Carl Christian von Weizsäcker investigated the problem (1962, 1971) assuming that the economy grows at a rate according to the so-called golden rule of accumulation . He comes to the conclusion that production prices can be represented as labor values. However, the production prices of an end product are not simply proportional to the sum of the labor values ​​of all products that are necessary for the manufacture of the end product. Rather, earlier labor values ​​are “paid interest” up to the point in time of the completion of the end product, whereby the rate of profit, which is equal to the rate of economic growth when the “golden rule” applies, serves as the interest rate.

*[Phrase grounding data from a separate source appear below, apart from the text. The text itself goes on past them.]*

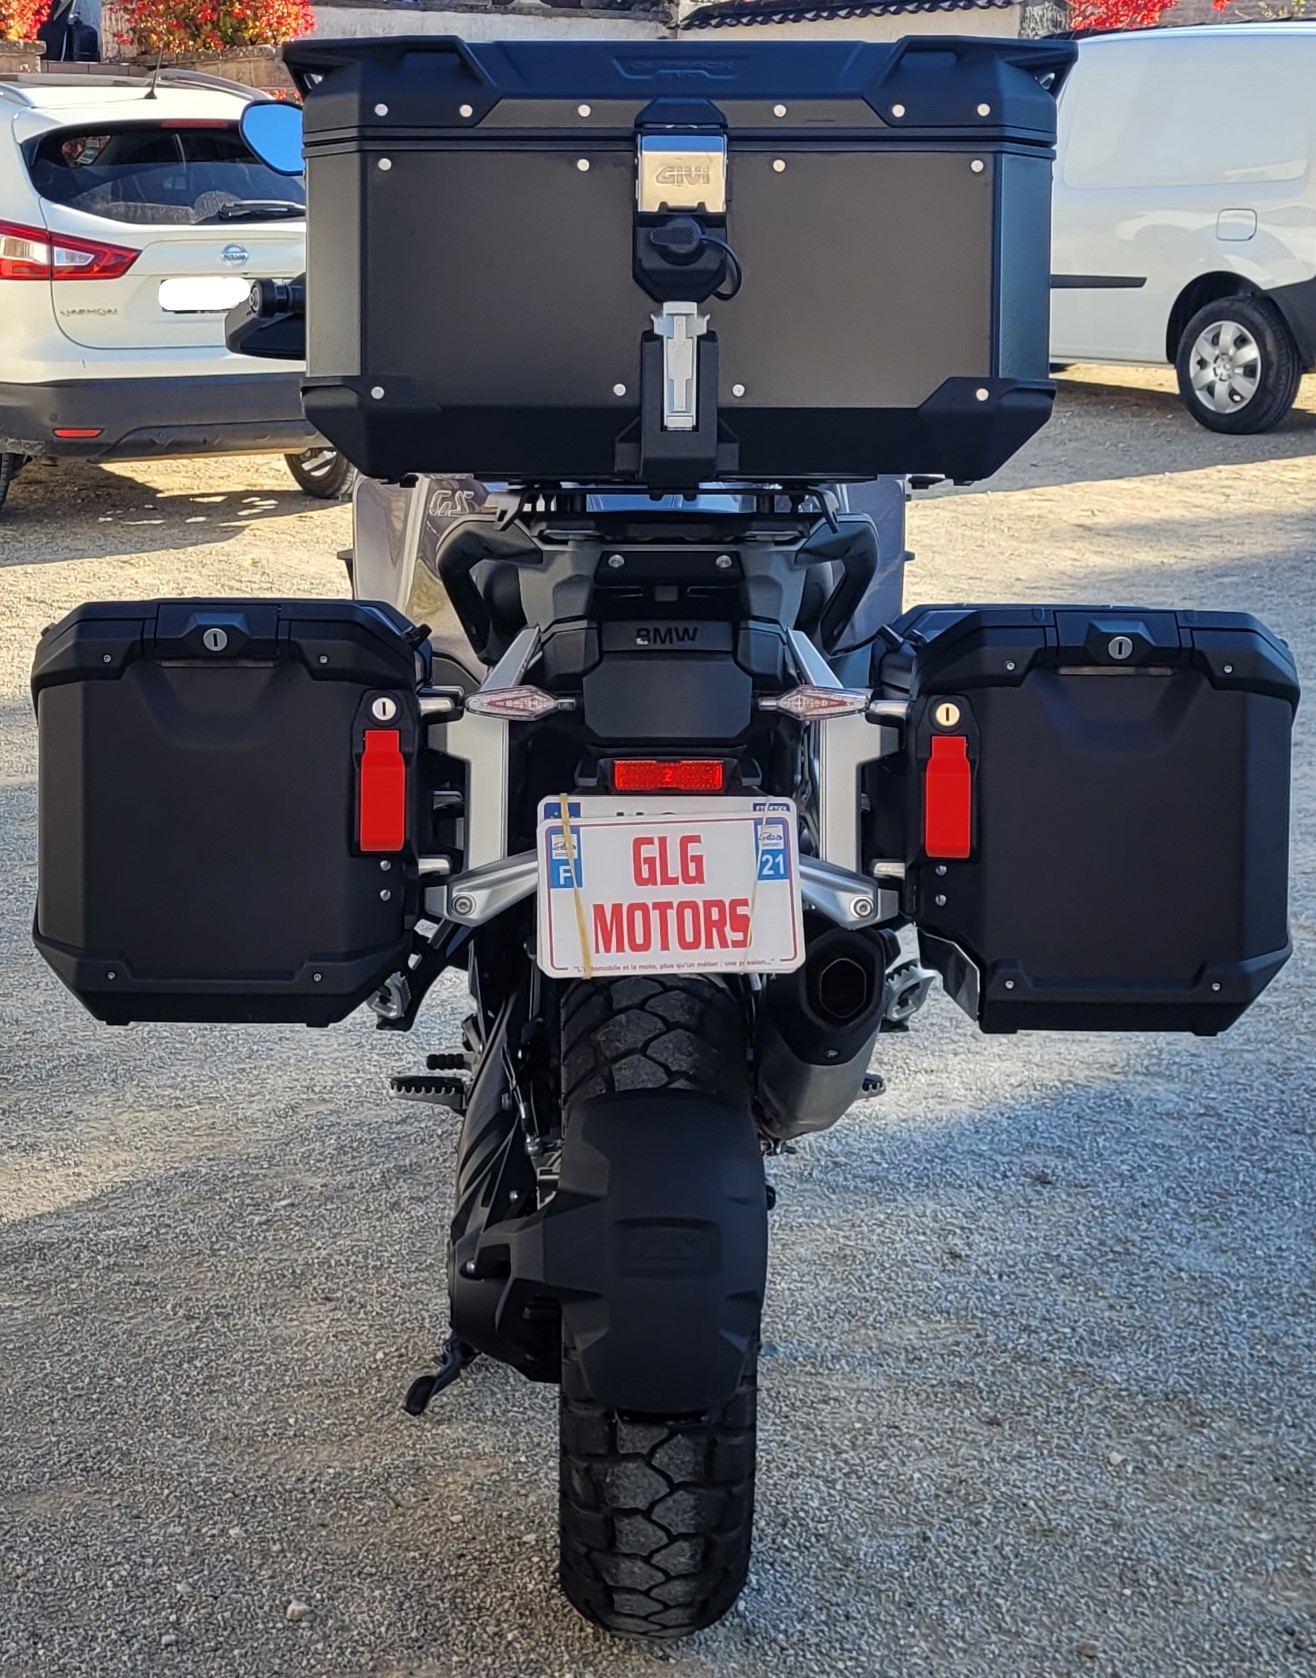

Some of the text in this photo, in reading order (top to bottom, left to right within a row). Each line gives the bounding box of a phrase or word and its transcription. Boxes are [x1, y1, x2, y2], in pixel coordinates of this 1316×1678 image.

[655, 165, 710, 185] GIVI
[635, 626, 699, 645] BMW
[631, 834, 706, 887] GLG
[761, 854, 785, 876] 21
[558, 865, 572, 885] F
[592, 898, 753, 954] MOTORS

Marxist responses to the "Sraffa" shock

However, since Sraffa's founding of modern Neoricardianism in 1960, it has been clear that Bortkiewicz's algorithm can ultimately be transformed into a system of equations in which labor values ​​only occur as redundant by-products. For the calculation of equilibrium prices, they do not have a formal priority status.

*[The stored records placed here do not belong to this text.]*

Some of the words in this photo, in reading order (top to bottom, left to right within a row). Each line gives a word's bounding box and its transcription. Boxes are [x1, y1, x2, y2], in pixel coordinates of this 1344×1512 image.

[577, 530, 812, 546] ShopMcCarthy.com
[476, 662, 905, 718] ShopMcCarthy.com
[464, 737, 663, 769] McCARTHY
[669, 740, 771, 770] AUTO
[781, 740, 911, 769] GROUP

This "Sraffa shock" elicited various responses from the Marxist side:

  1. AWT was completely abandoned by (former) Marxists like Ian Steedman and instead the focus was placed on the theory of the physical surplus product and the class-based distribution of the surplus , which can be formulated without recourse to labor values . In 1978, Hans-Georg Sprotte was able to provide formal proof that even with full acceptance of the Sraffa algorithm, the AWT can be rehabilitated in the event of equilibrium growth, because in this case the surplus product is distributed so proportionally to all system components that its composition corresponds to the social Total product in miniature. The normalization of the surplus product to a “standard product” through the “ golden rule of accumulation ” solves the transformation problem, but means the abandonment of any crisis-theoretical application of the AWT. This growth-theoretical solution to the transformation problem was presented by Michio Morishima in 1973.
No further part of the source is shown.